La petite averse tombée durant ce moment est passée. Le ciel qui s’était couvert s’éclaircit à nouveau. Retour au bateau pour l’incontournable (petit) apéro dans le cockpit. Le dîner est pris dans le carré, puis la vaisselle est faite sur le ponton (le local approprié est en travaux), chacun s’installe pour la fin de soirée (lecture à la frontale) et prépare son couchage. Didier disparaît dans la couchette avant… Le vent est complètement tombé. La nuit est exceptionnellement calme, pas d’éclat de voix des voisins, pas de drisse qui claque, pas de clapot, pas de balancement, comme à la maison ! Vendredi 2 mai. Beau temps avec petit vent d’est-sud-est.

Bernard ayant finalement pu se libérer pour les quatre jours, nous mettons le cap sur les îles. Après un pique-nique en mer, nous arrivons sous le soleil dans l’anse de Tréarch Ar Beniguet, au nord-ouest de Houat. Il y a déjà beaucoup de monde mais nous mouillons près de la plage. Les matelots gonflent l’annexe. Bernard enfile sa combinaison, et muni d’un masque et d’un tuba, il nous rapporte une belle araignée.

Didier qui ne veut pas être en reste se baigne rapidement, l’eau doit être à 16 degrés. Les gars vont à terre avec l’annexe. Didier part faire le tour de l’île en courant, en mode trail. Je reste à bord et j’en profite pour préparer la nav du lendemain. Bernard revient seul avec l’annexe, en s’étant fait tremper par le ressac… Didier doit faire du bateau stop auprès de l’équipage belge d’un grand voilier pour rejoindre le Kervegon. Il rapporte une bouteille de vin blanc et de la mayonnaise pour accompagner l’araignée.

Apéro fruit de mer, repas dans le carré, vaisselle dans le cockpit avec prélavage à l’eau de mer. Extinction des feux de relative bonne heure. Nuit calme avec petits balancements et bruit des vagues sur la plage.
Samedi 3 mai. Le matin, pas de descente à terre. Nous utilisons les WC du bord. C’est une bonne expérimentation de la promiscuité sur un petit voilier…

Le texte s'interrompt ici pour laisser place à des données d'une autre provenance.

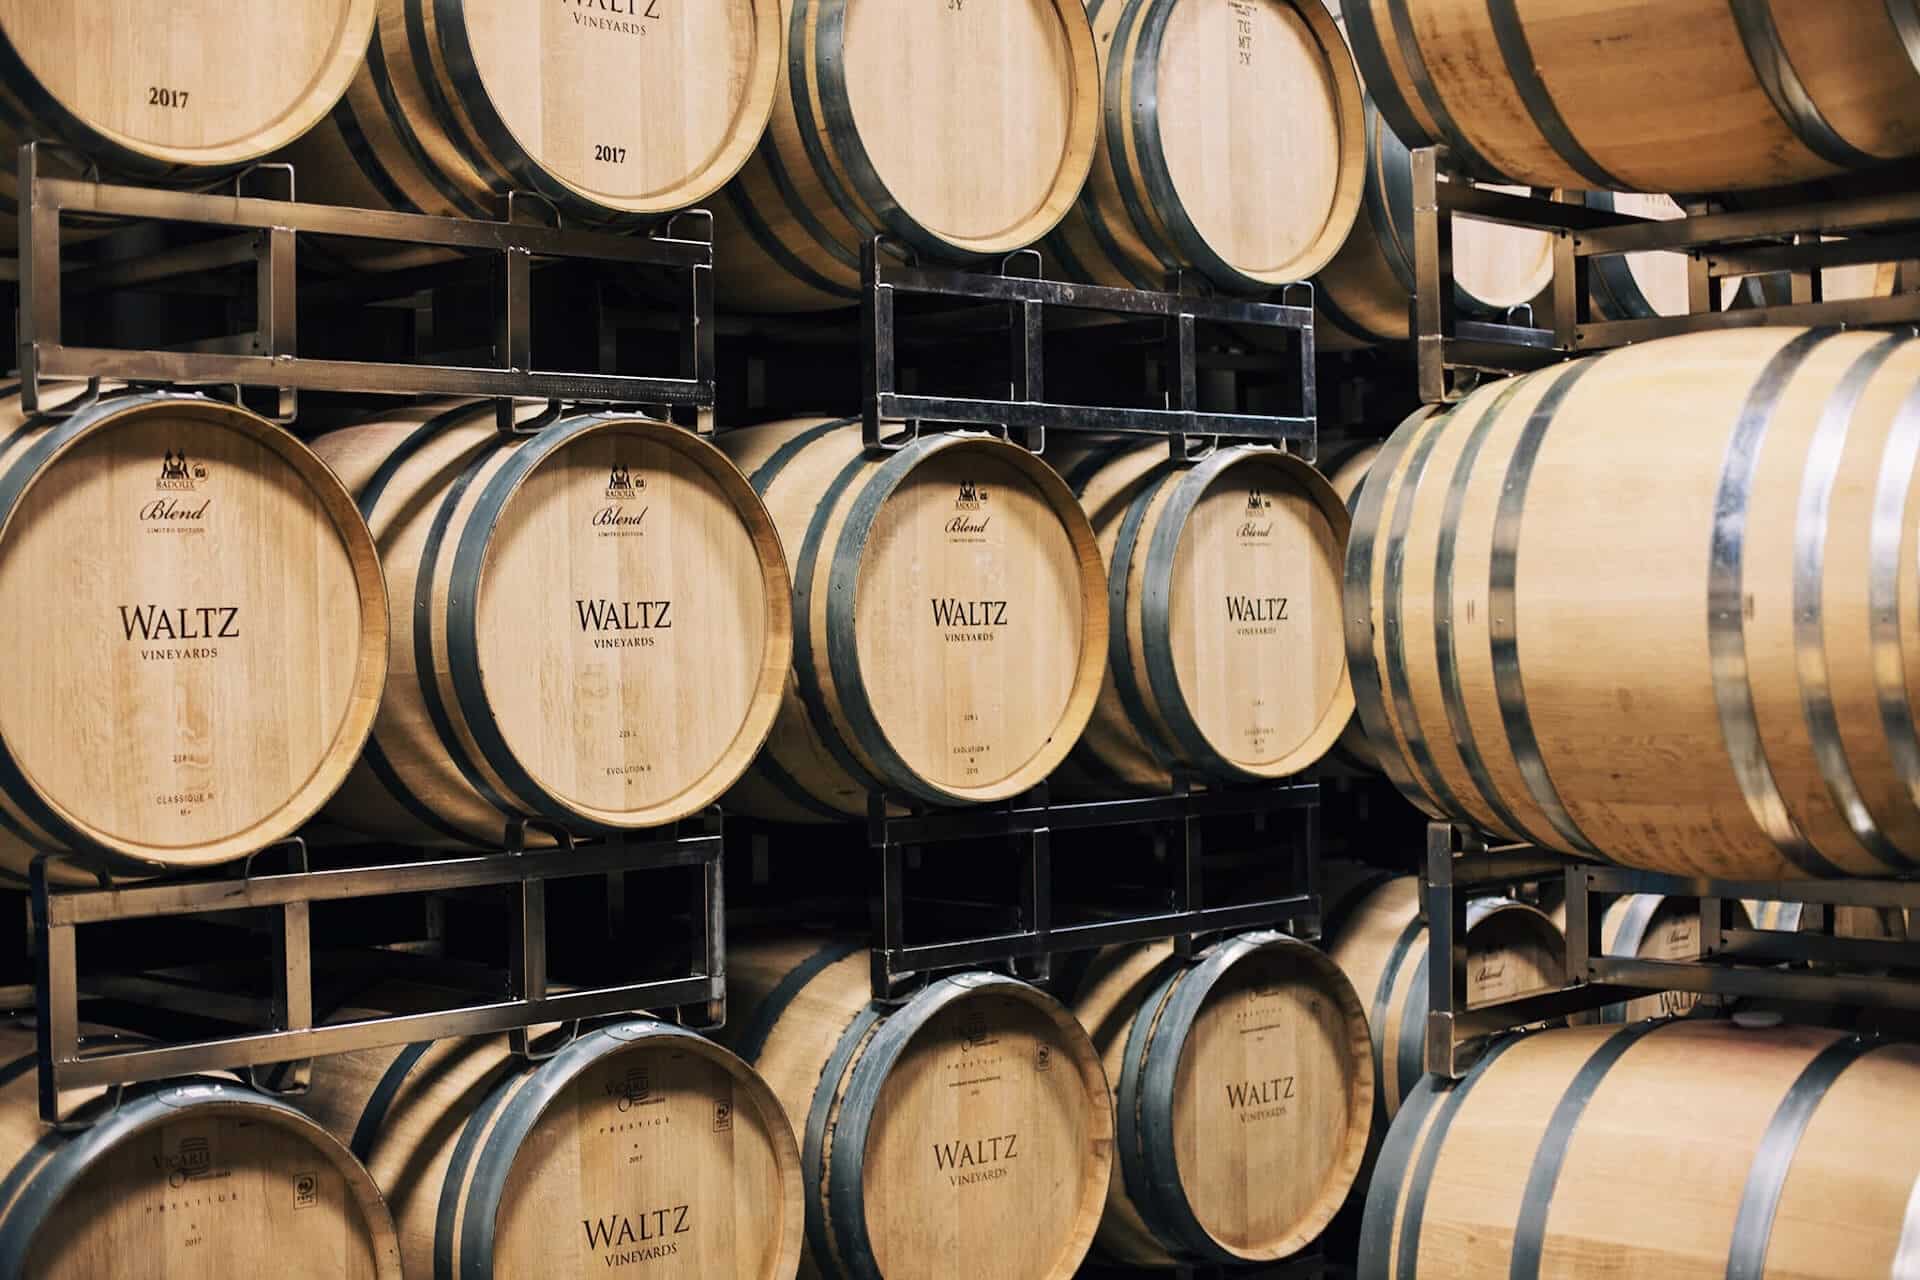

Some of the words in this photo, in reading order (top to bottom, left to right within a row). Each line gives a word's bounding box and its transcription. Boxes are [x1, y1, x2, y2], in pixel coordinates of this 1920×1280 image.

[573, 11, 647, 36] VINEYARDS
[149, 86, 189, 109] 2017
[595, 145, 626, 164] 2017
[140, 499, 211, 521] Blend
[592, 506, 649, 526] Blend
[944, 516, 991, 533] Blend
[576, 599, 672, 631] WALTZ
[930, 598, 1008, 627] WALTZ
[1226, 595, 1288, 622] WALTZ
[118, 604, 240, 640] WALTZ
[594, 636, 655, 648] VINEYARDS
[944, 632, 994, 642] VINEYARDS
[141, 648, 218, 660] VINEYARDS
[156, 793, 203, 805] CLASSIQUE
[1226, 1076, 1294, 1109] WALTZ
[933, 1134, 1018, 1171] WALTZ
[949, 1168, 1008, 1187] VINEYARDS
[582, 1205, 690, 1251] WALTZ
[605, 1242, 679, 1267] VINEYARDS
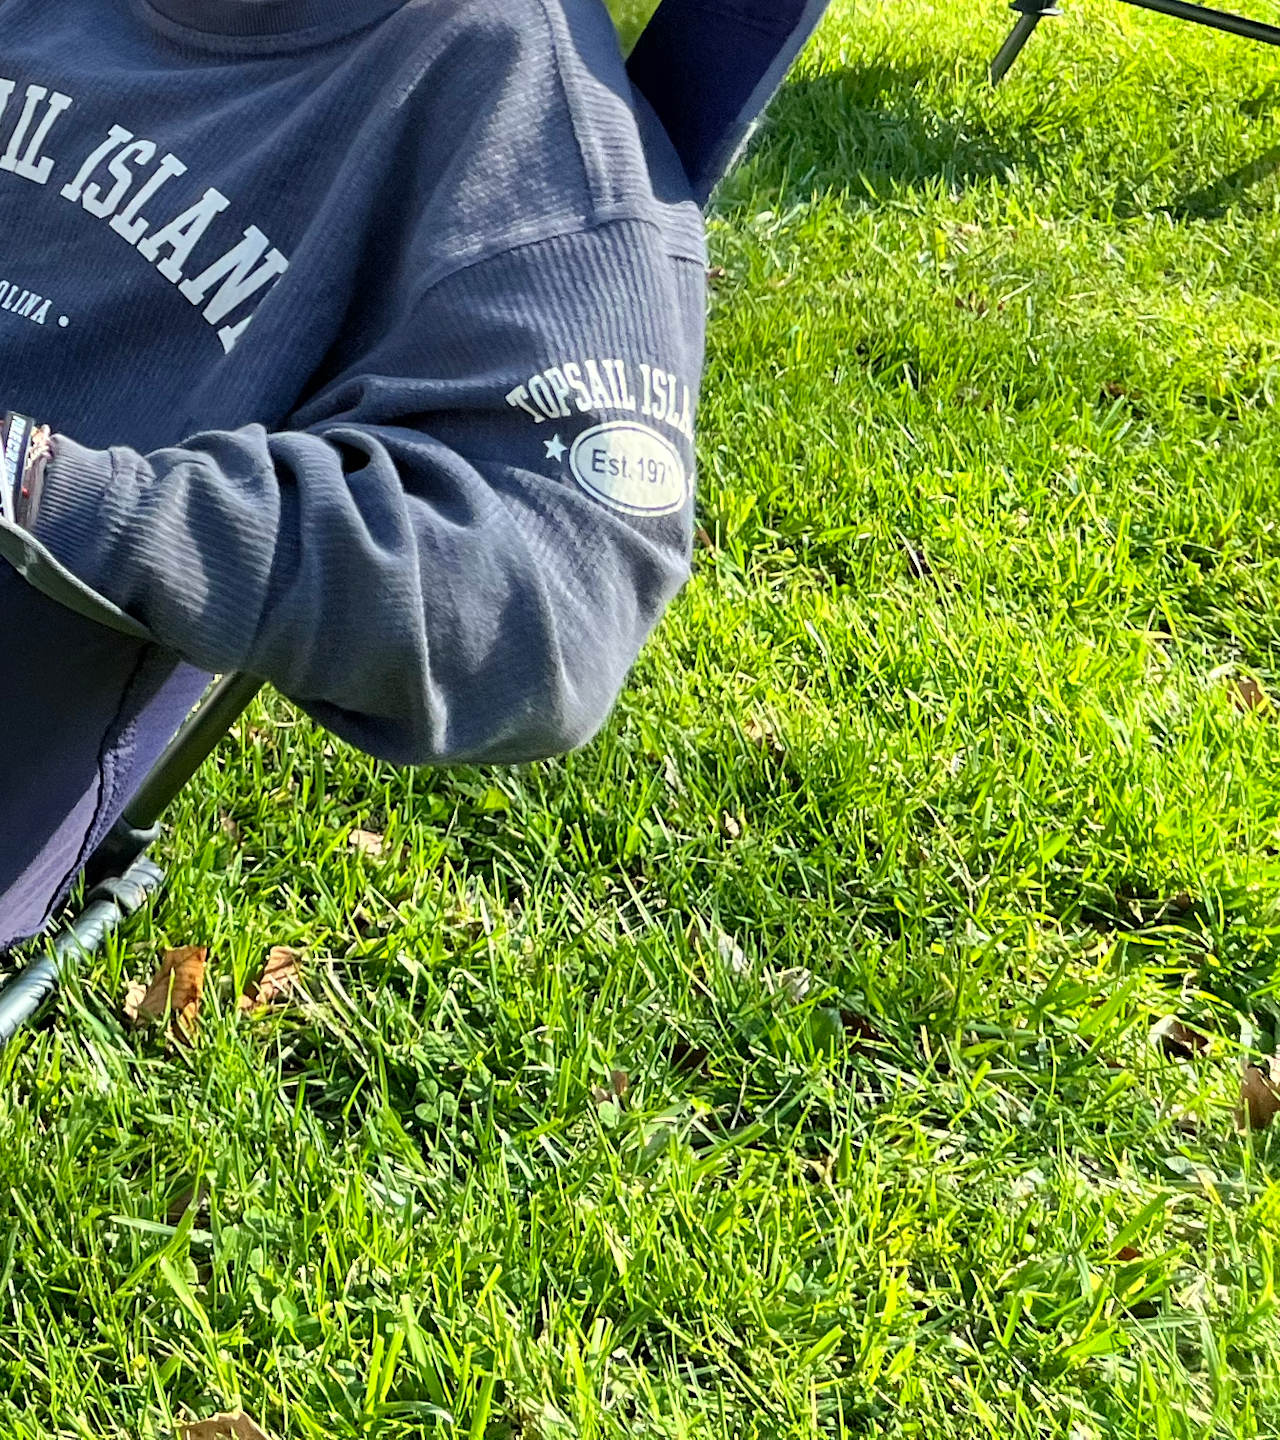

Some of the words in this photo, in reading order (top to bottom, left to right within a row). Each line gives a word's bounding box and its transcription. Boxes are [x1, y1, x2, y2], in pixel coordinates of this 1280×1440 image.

Toujours du soleil et du vent de secteur sud-sud-est. Cap sur Belle-Île-en mer, la bien nommée. Bernard fait découvrir le spi à Didier. Nous allons prendre un mouillage forain dans la magnifique petite anse de la pointe des Poulains. Cette fois, pas de baignade. Un long coup de corne de brume annonce l’arrivée d’un canot de la SNSM et nous assistons à une cérémonie de dispersion de cendres. C’est émouvant, surtout que nous avons alors une pensée pour notre ami Alain Rouault.

Nous levons l’ancre et alternons voile et moteur pour rejoindre le Palais dans l’après-midi. Nous accostons dans l’avant port. La fille (marin placier) qui nous accueille prend soin de ne pas mettre de bateaux à couple, car nous attendons une bascule du vent au nord-est dans la nuit. Ici, cela est synonyme de fort clapot, de grincement sur les pare-battages, voire de barres de flèches qui se heurtent…
Le bateau bien amarré, la grand-voile rangée dans son lazy-bag, chacun profite d’un temps de liberté individuelle. Je passe à la capitainerie, puis je fais quelques courses complémentaires (pain et bouteilles d’eau). Vers 19h, c’est le rituel de l’apéro cockpit, du repas pris dans le carré, avec un succulent rougail saucisses de la ferme de la Ranjonnière… Vaisselle aux sanitaires et balade tous ensemble sur les quais. La soirée se prolonge au fameux bar de la Godaille. L’ambiance monte peu à peu. Nous nous lâchons et refaisons le monde. Cela contribue à souder l’équipage. On n’en dira pas plus…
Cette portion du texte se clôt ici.